DIRECTIONS FOR THIS TASK -
Only the pictures are to be dropped; return all other data below exactly.

(Stored data entries)
=== Section Start ===
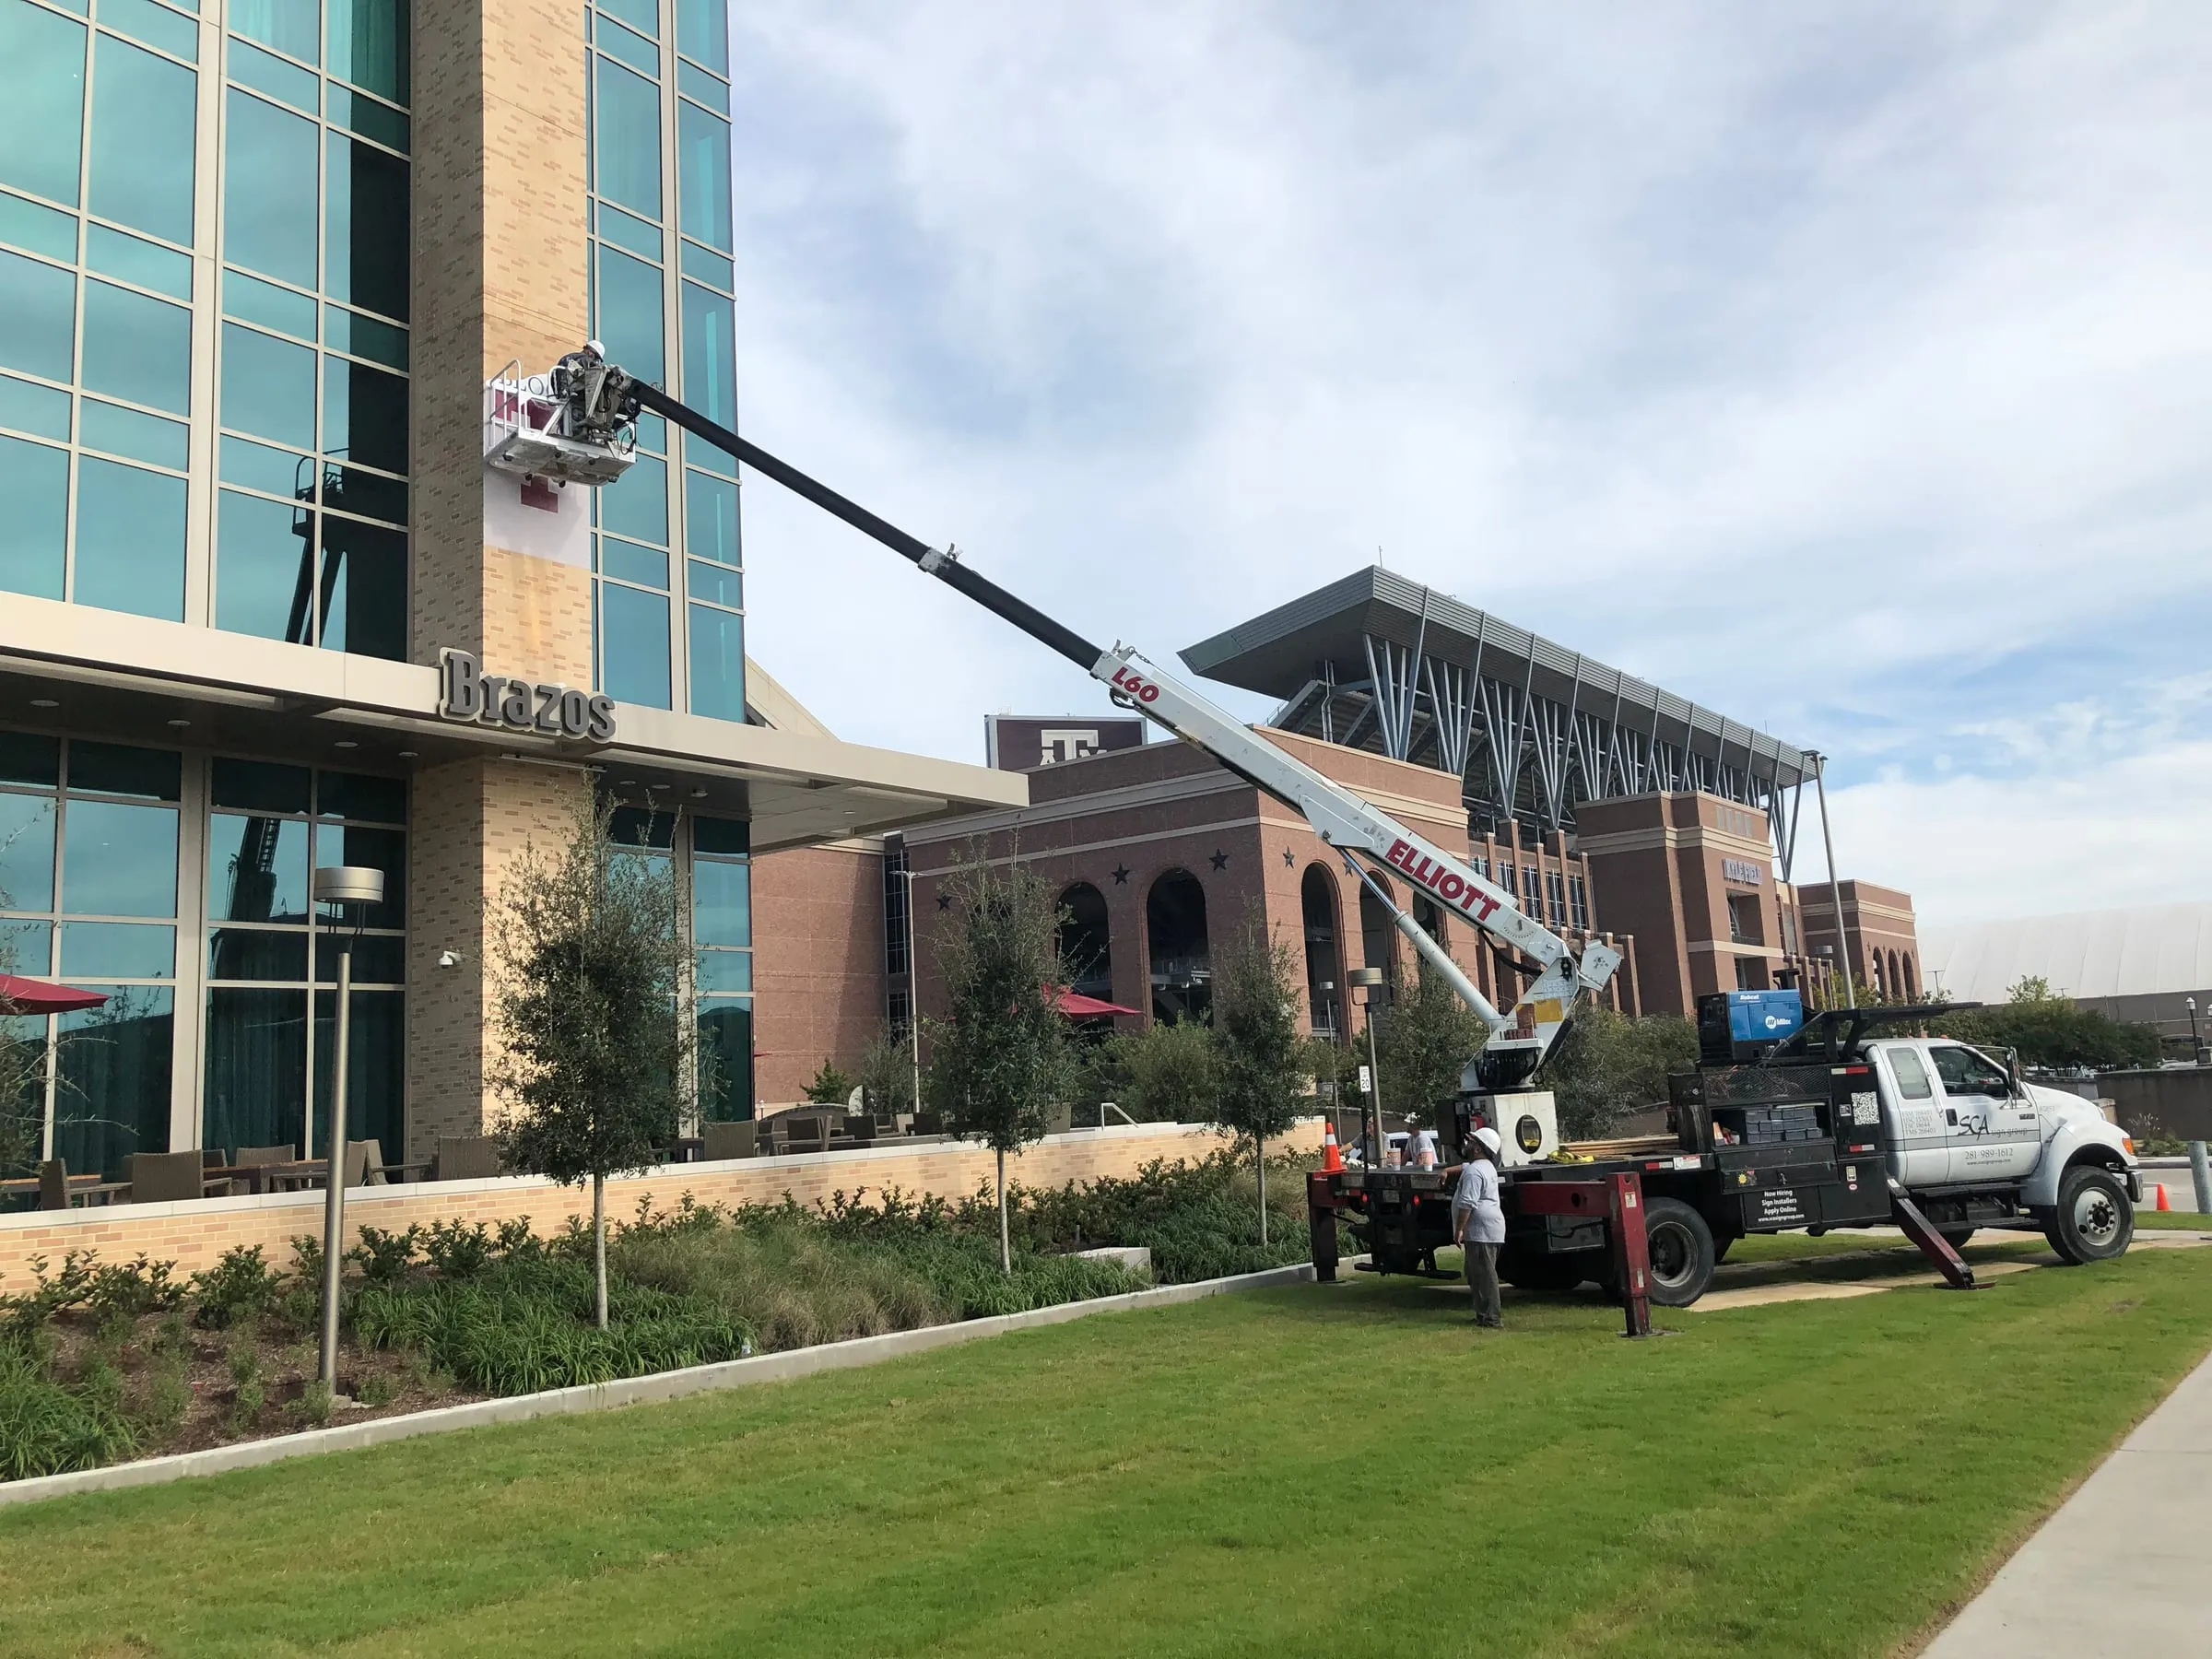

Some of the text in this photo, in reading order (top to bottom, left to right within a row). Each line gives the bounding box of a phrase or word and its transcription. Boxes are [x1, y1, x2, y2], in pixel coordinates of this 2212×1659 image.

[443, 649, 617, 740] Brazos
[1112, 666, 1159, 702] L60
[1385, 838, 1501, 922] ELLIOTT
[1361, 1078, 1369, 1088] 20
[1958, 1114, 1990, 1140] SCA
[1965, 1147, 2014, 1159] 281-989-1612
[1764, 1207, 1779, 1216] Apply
=== Section End ===
WRITTEN SOLUTION -
Some of the text in this photo, in reading order (top to bottom, left to right within a row). Each line gives the bounding box of a phrase or word and its transcription. Boxes are [x1, y1, x2, y2], in pixel coordinates of this 2212×1659 image.

[443, 649, 617, 740] Brazos
[1112, 666, 1159, 702] L60
[1385, 838, 1501, 922] ELLIOTT
[1361, 1078, 1369, 1088] 20
[1958, 1114, 1990, 1140] SCA
[1965, 1147, 2014, 1159] 281-989-1612
[1764, 1207, 1779, 1216] Apply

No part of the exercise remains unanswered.